三:あ、そっか、意外と結構最近だった(笑)

菊:兄の結婚式で

三:お兄さんていうのは、酒蔵の・・・

菊:そう、6代目です。

三:菊池奏子ちゃんのご実家は菊池酒造さん、「燦然」という素晴らしい日本酒を 造っています!宣伝しちゃった。

菊:あはは、ありがとう。

三:「燦然」って海外でも販売されてたりするんだよね?

菊:えっと、NYとシンガポールとオーストラリアと中国と・・・

三:すっごいね!日本でも百貨店で試飲会とかやってたよね。

菊:今もやってるよ。今は贈答用とか海外用とかの商品を作っている酒蔵が昔より増えたんだよ。って酒の話になると長くなっちゃうんだけど・・・(笑)

三:あはは。ということで、酒蔵のお嬢様と勝手にお呼びしたりして・・・まず何年前だっけ?結婚してハワイへ行ったのは

菊:えっと、結婚したのが2013年で・・・ちょっと待って・・・(おもむろに指輪をはずし刻印を確かめる)

三:今、奏子はリングを外し確認しています(笑)

菊:あ、これ婚約指輪だったから婚約日だった。婚約日はエイプリルフールの前日で

三:3月31日。

菊:うん。2012年の10月5日に入籍をして、ハワイに行ったのが14年の8月かな。3年4か月くらい経った。

三:おっ!3年経ったか。昔から石の上にも3年なんていうけど、慣れた?

菊:最初の1年は慣れたなって思ってたんだけど、あとで考えてみると全然慣れてなかったなあと。慣れてないと心のどこかを壊してホームシックになっちゃうから、ごまかすじゃないけど、私は慣れていると暗示をかけてた。

三:そっか・・・そんな時期もあったのかぁ

菊:でもそういうのって渦中にいるとわかんないんだよね、後から考えると、って。

三:無理してたかなぁ、みたいな?

菊:うん、ずっと緊張してたなって。

三:そっかそっか・・・ご主人のお仕事の都合でハワイに行かれて。ハワイ諸島の中にはいくつか島があるけども住んでるのは・・・

菊:ハワイ島です。

三:ハワイ島っていうのは、ハワイ諸島の中ではどういった特徴というか・・・

菊:一番大きな島だね!

三:SNSとかで様子を拝見すると、自然が素晴らしい所みたいだよね。

菊:そうそう。

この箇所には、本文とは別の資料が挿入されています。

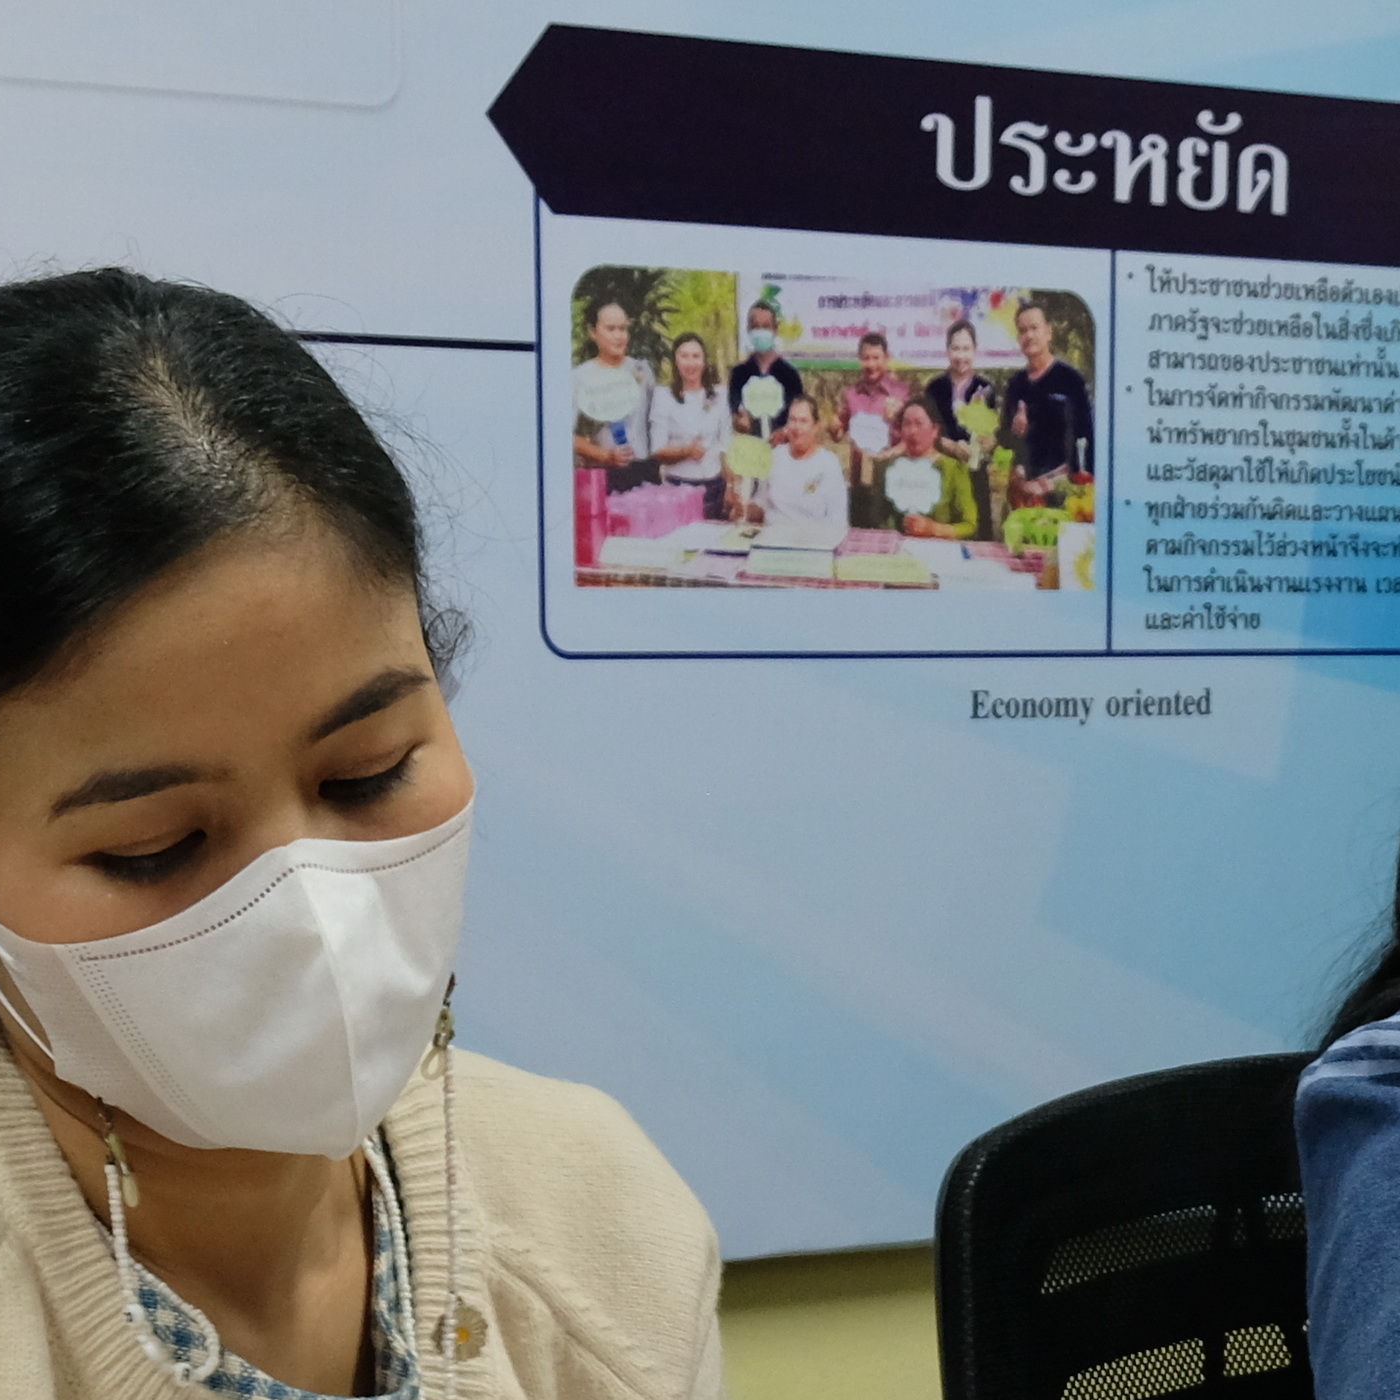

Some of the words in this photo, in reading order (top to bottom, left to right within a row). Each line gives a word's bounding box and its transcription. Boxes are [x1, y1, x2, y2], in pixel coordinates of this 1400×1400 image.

よく日本人が旅行にいくホノルルとかワイキキはオアフ島で

三:そうだよね。あの、お買いものとかするところだね(笑)イメージ。私行った事ないんであれなんですが。

菊:白い砂浜があって、ホテルがいっぱい並んでて、リゾート、みたいな。まあオアフ島も北のほうに行くとすごい自然もあるんだけど。

三:そうなんだ

菊:ハワイ島に住んでるって事を日本で例えると、外国の人が「こんど東京に住むんだ!」って言ってて、え、どこ?赤坂?六本木?渋谷?品川?って聞いたら「青梅」って答えるような。

三:わかりやすい!

菊:ほんと?

三:なんていうのかな、郊外、郊外?て違うか、島だから・・・

菊:同じハワイなのにこの差、みたいな・・・って、青梅の人に怒られるかな?青梅disとかではないですので!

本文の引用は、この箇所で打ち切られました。